MATERIAL FOR THIS EXERCISE:
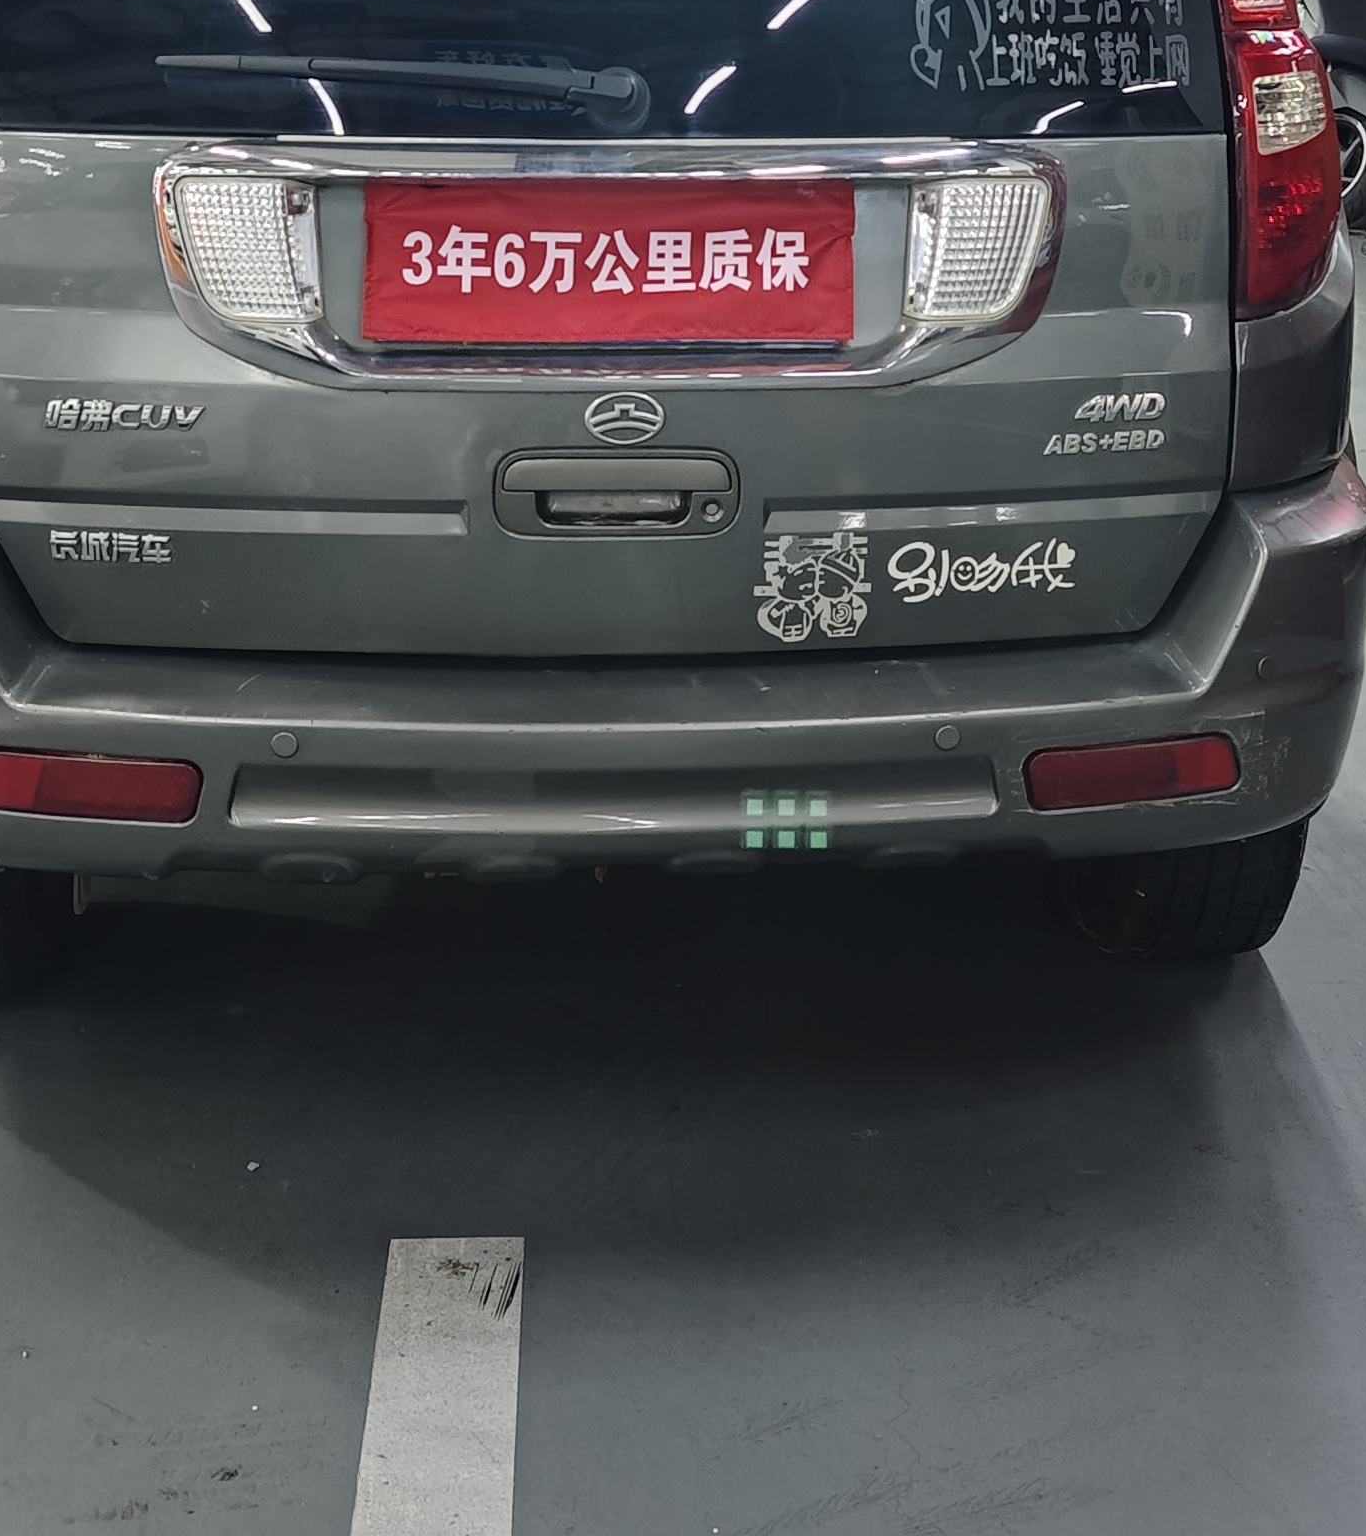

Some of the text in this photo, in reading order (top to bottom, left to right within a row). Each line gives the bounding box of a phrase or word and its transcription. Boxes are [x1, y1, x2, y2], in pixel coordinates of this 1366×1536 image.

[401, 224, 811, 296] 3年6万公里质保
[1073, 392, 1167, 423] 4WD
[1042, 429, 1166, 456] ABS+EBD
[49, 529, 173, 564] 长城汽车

EXERCISE AIM: Exactly reproduce each entry, but drop the pictures.

ANSWER BOX:
Some of the text in this photo, in reading order (top to bottom, left to right within a row). Each line gives the bounding box of a phrase or word and its transcription. Boxes are [x1, y1, x2, y2], in pixel coordinates of this 1366×1536 image.

[401, 224, 811, 296] 3年6万公里质保
[1073, 392, 1167, 423] 4WD
[1042, 429, 1166, 456] ABS+EBD
[49, 529, 173, 564] 长城汽车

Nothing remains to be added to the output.